Somente voltaria a ter contato com o antigo colega de Ginásio e companheiro de atividades no Grêmio SALCEM numa passagem por Curitiba, dois anos depois, aonde ele já cursava Direito na Universidade Federal do Paraná e eu prestava um dos meus inumeráveis concursos vestibulares em escolas federais de medicina.  Aliás, não foi mero contato, ele me hospedou por cerca de uma semana, com toda lhaneza e alegria que nele transbordava. Sua casa em Curitiba, na Rua Duque de Caxias, 47, era uma verdadeira Embaixada de Muzambinho, que recebia, abrigava e encaminhava os emigrantes muzambinhenses. Meu irmão, Milton Vânius de Almeida Lima, radicado em Curitiba há mais de 50 anos, foi ajudado por Adônis em todos os sentidos. Melhor seria o leitor deste semanário acessar o “Facebook” e clicar naquela “lupinha” que aparece quando você abre o começo da sua página nessa rede social, digitar publicação do Milton (nome completo) sobre Adônis Galileu dos Santos, de 22 de julho de 2020, a qual contém o depoimento pessoal do meu mano, com dezenas de variados comentários acerca de tão notável personalidade, e quase duas centenas de curtidas. Posso acrescentar que não fomos somente eu e meu irmão os beneficiários de Adônis. Com a ajuda do Milton lembro: os irmãos Moraci (nosso companheiro de Grêmio, já falecido), José Sobrinho (economista) e Bolívar; o Iran Vieira (odontólogo, que é irmão de Vonzico, Ivan e Dr.Ivonaldo); o apresentador esportivo de TV, Milton Neves; os irmãos Gonçalves, tios do nosso pré-candidato a Prefeito, Murilo Bueno Gonçalves, especificamente, o Nélio (hj em MZB), o Luís Alberto (advogado) e João “Rato” (economista); além de Laércio (de Sta. Rita de Caldas, agrônomo). Como se vê o nosso amigo Adônis foi de fato um benfeitor, não somente neste sentido, mas em obras sociais desenvolvidas na religião Espírita e na Loja Maçônica Apóstolos da Caridade, de Curitiba, da qual era integrante e que lhe prestou homenagem póstuma em 28/7/2020, cujo texto foi publicado à página 8 d’A Folha Regional, de 31 do mês passado.

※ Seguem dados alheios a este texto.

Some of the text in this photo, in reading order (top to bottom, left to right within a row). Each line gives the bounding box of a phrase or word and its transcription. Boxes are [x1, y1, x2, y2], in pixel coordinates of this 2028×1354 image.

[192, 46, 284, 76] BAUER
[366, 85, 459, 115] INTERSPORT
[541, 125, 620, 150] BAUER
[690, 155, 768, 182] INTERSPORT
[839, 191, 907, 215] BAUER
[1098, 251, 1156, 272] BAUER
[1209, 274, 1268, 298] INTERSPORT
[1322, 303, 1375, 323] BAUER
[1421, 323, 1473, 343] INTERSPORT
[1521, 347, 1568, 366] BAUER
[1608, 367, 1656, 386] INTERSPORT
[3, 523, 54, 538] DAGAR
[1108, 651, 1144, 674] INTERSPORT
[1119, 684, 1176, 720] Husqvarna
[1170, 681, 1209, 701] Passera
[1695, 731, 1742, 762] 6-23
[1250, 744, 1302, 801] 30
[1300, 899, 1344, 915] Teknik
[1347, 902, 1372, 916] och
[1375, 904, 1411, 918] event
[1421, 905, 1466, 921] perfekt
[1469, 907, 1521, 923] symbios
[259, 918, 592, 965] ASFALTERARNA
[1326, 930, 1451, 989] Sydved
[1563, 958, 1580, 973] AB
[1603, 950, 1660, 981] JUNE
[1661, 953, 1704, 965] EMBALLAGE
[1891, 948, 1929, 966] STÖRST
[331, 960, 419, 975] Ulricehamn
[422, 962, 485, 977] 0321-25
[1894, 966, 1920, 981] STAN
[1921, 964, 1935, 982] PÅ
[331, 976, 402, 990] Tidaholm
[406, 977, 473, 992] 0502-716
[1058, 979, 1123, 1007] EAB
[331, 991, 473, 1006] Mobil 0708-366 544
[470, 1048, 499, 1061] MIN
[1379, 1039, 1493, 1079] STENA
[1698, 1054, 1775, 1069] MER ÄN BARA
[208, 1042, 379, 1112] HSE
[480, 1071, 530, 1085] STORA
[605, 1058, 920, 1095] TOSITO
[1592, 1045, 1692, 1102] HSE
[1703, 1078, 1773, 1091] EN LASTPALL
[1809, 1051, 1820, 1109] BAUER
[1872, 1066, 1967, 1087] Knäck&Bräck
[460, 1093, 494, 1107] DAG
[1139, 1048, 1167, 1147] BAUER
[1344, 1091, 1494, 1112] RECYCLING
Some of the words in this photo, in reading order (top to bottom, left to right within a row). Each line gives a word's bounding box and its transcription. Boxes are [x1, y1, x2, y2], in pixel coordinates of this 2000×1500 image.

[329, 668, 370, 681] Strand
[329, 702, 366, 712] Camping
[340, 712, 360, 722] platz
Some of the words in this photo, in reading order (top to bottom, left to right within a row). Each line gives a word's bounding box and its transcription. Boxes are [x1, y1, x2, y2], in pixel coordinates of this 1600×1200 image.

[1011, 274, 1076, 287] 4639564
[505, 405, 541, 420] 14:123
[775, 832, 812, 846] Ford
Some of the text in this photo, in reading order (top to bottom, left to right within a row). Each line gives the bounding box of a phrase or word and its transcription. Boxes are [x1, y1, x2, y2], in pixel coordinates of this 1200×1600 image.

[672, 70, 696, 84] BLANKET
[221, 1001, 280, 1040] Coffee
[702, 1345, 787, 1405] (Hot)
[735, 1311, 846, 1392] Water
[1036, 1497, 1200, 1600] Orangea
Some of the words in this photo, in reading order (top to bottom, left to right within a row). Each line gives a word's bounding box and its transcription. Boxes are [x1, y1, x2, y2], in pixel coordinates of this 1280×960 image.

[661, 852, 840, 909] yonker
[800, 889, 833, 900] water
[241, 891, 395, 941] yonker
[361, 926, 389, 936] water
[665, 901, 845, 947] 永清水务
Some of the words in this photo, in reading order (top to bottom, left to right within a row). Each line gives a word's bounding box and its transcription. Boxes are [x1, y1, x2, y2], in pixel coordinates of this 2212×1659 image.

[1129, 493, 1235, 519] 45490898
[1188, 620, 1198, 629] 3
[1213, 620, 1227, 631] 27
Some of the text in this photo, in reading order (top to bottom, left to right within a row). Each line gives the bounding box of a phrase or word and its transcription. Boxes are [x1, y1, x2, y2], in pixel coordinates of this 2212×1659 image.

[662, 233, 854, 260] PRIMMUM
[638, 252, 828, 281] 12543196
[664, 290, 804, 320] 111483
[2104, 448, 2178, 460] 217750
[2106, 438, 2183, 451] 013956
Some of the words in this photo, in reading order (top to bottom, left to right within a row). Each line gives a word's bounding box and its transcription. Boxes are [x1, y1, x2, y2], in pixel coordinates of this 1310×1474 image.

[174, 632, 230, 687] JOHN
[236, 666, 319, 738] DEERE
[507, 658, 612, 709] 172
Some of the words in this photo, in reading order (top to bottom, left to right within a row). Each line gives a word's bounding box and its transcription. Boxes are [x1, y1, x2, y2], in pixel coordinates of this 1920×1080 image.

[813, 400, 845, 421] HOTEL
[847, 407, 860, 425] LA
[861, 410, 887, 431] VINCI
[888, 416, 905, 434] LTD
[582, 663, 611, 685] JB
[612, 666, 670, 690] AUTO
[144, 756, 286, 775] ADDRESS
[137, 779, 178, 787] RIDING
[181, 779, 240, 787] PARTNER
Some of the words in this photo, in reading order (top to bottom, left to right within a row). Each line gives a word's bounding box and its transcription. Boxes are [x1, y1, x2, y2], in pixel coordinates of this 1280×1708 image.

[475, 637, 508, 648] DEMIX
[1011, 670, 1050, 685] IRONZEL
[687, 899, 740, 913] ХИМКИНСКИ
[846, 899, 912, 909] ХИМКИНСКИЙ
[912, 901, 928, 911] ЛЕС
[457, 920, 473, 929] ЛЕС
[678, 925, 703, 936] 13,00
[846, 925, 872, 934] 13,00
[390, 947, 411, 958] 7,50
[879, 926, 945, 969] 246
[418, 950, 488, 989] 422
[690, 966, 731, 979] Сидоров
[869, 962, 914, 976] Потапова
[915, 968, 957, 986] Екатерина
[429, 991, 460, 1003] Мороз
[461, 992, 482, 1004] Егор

MUZAMBINHO e ESTE JORNAL não poderiam lhe faltar com algumas destas lembranças nem com o sentido abraço de consternação a todos seus familiares, neste momento de luto pela morte de Adônis, especialmente aos irmãos que lhe sobrevivem: o Dr. Adjahyr dos Santos (Grande Curitiba), Dr.Ailton (São Paulo), Anilce, Armando Santos e Dr.Arnaldo Wágner, estes três em Muzambinho.

A todos os leitores, conclamo-os à realidade, utilizando os versos finais da poesia Vida e Morte, de Adalete Nunes Carvalho Lima, minha mulher: “Cá no topo bem aqui na divisa / A vida e a morte quase se resvalam / A morte fica na espreita da vida / Enquanto a vida os sonhos embala.

Sinto muito, Adônis, que o tumulto da vida e os caminhos divergentes dos nossos destinos e atividades, não me tenham podido lhe dizer tudo aquilo que aqui expressei nem que pudéssemos ter nos comunicado com uma frequência ao menos razoável. Perdão.


Marco Regis de Almeida Lima é médico, foi prefeito 

de Muzambinho (1989/92; e 2005/08) e deputado estadual-MG (1995/98; 1999/2003)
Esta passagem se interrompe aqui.